In Figures 1 to 4, 1 is a mirror, 2 is a length measurement beam of a laser interferometer, 3 is an X stage (mirror mounting plate), and 4 is a Y
A stage, 5 a motor, 6 a mirror fixture, and 7 a wafer. 8 is a mirror support part.

In FIG. 2, the mirror 1 is fixed to the X stage 3 using a mirror fixing fitting 6. As shown in FIG.

At this time, one side of the mirror support plate 8 has a leaf spring structure as shown in FIG. This enlarged portion is shown in FIG.

The leaf spring has an integral structure with the X stage 3, and in particular has an elastic hinge structure having a hinge portion 10.

Now, considering that there is a temperature change, for example, if an expansion/contraction difference Δ1 occurs between the mirror 1 and the X stage 3, the parallel plate spring will deform in the A direction in Fig. It becomes possible to absorb 61 minutes.

Although the above-mentioned embodiment describes a structure in which the mirror support part has an integral leaf spring structure, a split leaf spring structure in which a pair of spring pieces separate from the stage is attached is also possible. Furthermore, although the parallel leaf spring is provided at one location, an integral or separated parallel leaf spring structure with two or more locations is also possible.

FIG. 5 shows a conceptual plan view of the split structure and the structure of two parallel leaf springs. The mirror support part 8 is connected to the X stage 3 by a pair of parallel leaf spring pieces 9a and 9b, and supports the mirror 1. Two such mirror support parts are provided on one side of the X stage 3 (for one mirror).

[Effects of the Invention] As explained above, according to the present invention, it is possible to eliminate the problem of mirror deformation and misalignment due to temperature changes in an exposure apparatus by using the parallel leaf spring structure of the mirror mounting plate, so that the mirror and the stage can be There is no change in the relative position of the sensor, making it possible to provide extremely high detection accuracy.

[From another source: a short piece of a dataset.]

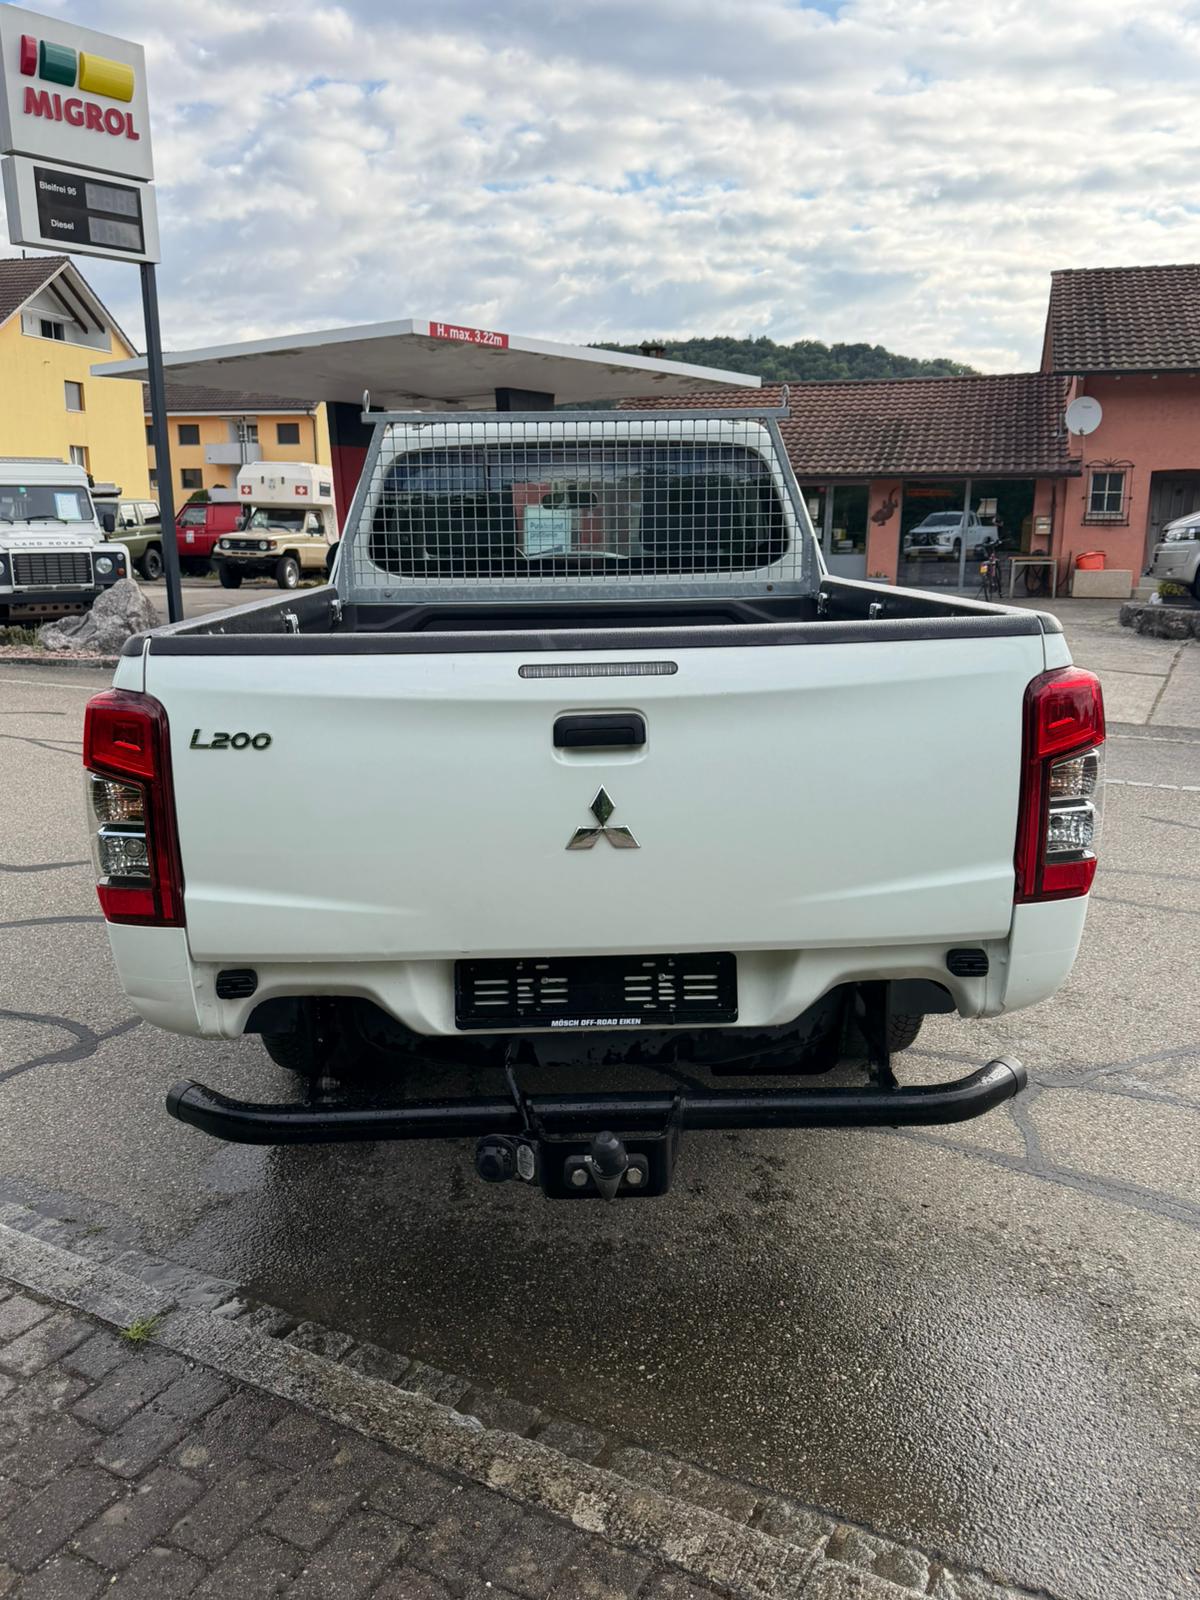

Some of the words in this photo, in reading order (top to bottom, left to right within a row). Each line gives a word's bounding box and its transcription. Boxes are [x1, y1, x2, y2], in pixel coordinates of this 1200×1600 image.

[Brief explanation of the drawing]

FIG. 1 is a perspective view of the main part configuration of an XY stage according to an embodiment of the present invention, FIG. 2 is an enlarged perspective view of a mirror attachment part of the XY stage of FIG. 1, and FIG. 3 is an embodiment of the present invention. FIG. 4 is a detailed view of the parallel plate spring portion of the mirror mounting plate of FIG. 3; FIG. 5 is a plan view of a mirror mounting plate according to another embodiment of the present invention. It is. 1: Mirror 2: Laser interference measurement length light, 3: x stage (mirror mounting plate), 4: Y stage, 5: motor, 6: mirror fixing bracket, 7: wafer. Patent Applicant Canon Co., Ltd. Representative Patent Attorney Tetsuya Ito Representative Patent Attorney Tatsuo Ito

Claims (4)

[Claims] (1) A mirror provided on the stage is provided to reflect a laser beam from a laser interferometer for measuring the position of a moving stage to be detected, and the mirror is connected to at least one pair of parallel plate springs with respect to the stage. A mounting structure for a laser interferometer mirror for position detection, characterized in that the mirror is mounted through a. (2) Attaching the laser interferometer mirror for position detection according to claim 1, wherein the parallel leaf spring is integrally formed on the side of the stage by processing an integral member with the stage. structure. (3) Laser interference for position detection according to claim 2, characterized in that each spring piece of the parallel plate spring constitutes an elastic member integrated with the stage by forming a hinge by thin wall processing. Mounting structure of meter mirror. (4) The position detection laser according to claim 1, wherein the parallel leaf spring is constructed by attaching a pair of parallel spring pieces separate from the stage to the side sides of the stage. Interferometer mirror mounting structure.